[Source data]
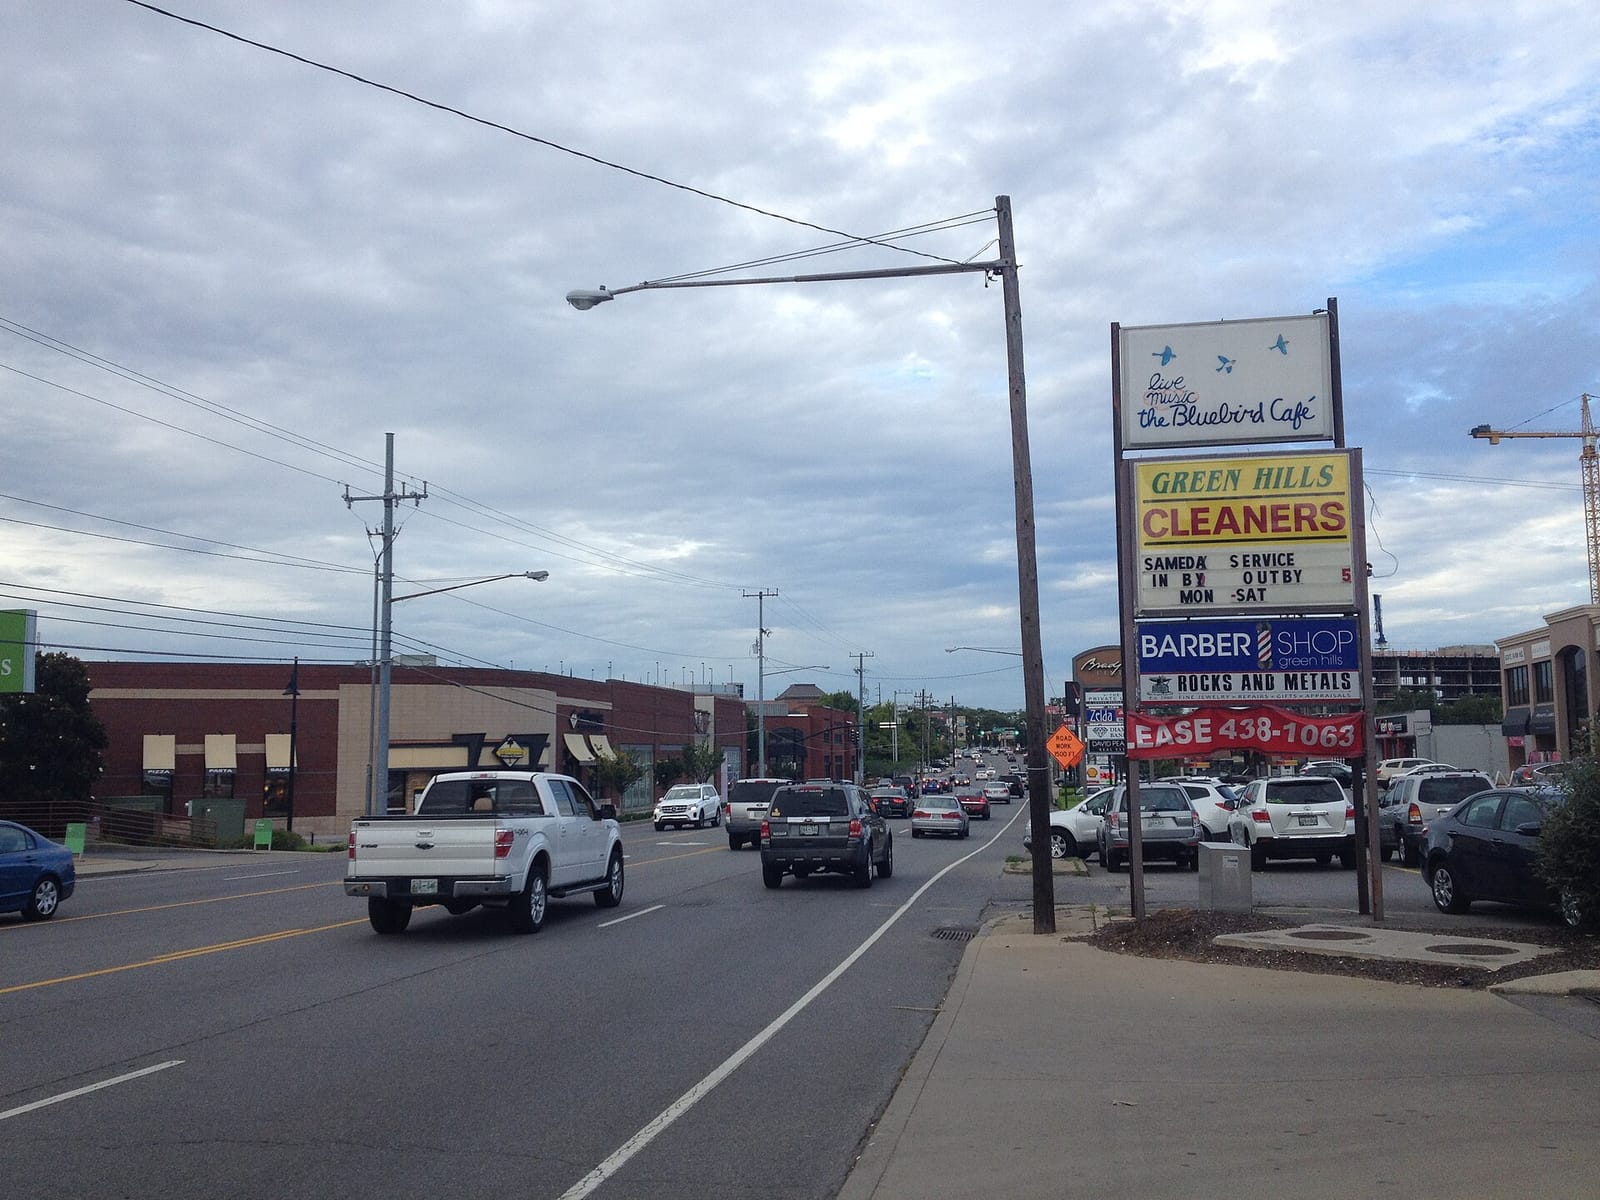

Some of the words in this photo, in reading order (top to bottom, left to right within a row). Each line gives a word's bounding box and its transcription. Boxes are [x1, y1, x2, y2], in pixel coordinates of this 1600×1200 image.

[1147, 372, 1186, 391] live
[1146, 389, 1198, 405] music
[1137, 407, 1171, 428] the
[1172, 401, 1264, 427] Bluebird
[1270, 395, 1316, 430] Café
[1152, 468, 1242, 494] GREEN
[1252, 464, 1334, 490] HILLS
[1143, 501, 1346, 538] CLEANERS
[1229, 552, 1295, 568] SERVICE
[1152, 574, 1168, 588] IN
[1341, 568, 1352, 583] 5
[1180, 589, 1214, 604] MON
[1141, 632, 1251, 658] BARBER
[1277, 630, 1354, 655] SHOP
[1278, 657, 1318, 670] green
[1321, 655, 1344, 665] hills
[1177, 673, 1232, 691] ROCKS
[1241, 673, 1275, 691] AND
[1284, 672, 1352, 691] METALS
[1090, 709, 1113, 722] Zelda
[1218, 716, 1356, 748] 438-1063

■ **Instructions to follow**
Copy every entry word for word, but omit the pictures.

■ **Answer space**
Some of the words in this photo, in reading order (top to bottom, left to right within a row). Each line gives a word's bounding box and its transcription. Boxes are [x1, y1, x2, y2], in pixel coordinates of this 1600×1200 image.

[1147, 372, 1186, 391] live
[1146, 389, 1198, 405] music
[1137, 407, 1171, 428] the
[1172, 401, 1264, 427] Bluebird
[1270, 395, 1316, 430] Café
[1152, 468, 1242, 494] GREEN
[1252, 464, 1334, 490] HILLS
[1143, 501, 1346, 538] CLEANERS
[1229, 552, 1295, 568] SERVICE
[1152, 574, 1168, 588] IN
[1341, 568, 1352, 583] 5
[1180, 589, 1214, 604] MON
[1141, 632, 1251, 658] BARBER
[1277, 630, 1354, 655] SHOP
[1278, 657, 1318, 670] green
[1321, 655, 1344, 665] hills
[1177, 673, 1232, 691] ROCKS
[1241, 673, 1275, 691] AND
[1284, 672, 1352, 691] METALS
[1090, 709, 1113, 722] Zelda
[1218, 716, 1356, 748] 438-1063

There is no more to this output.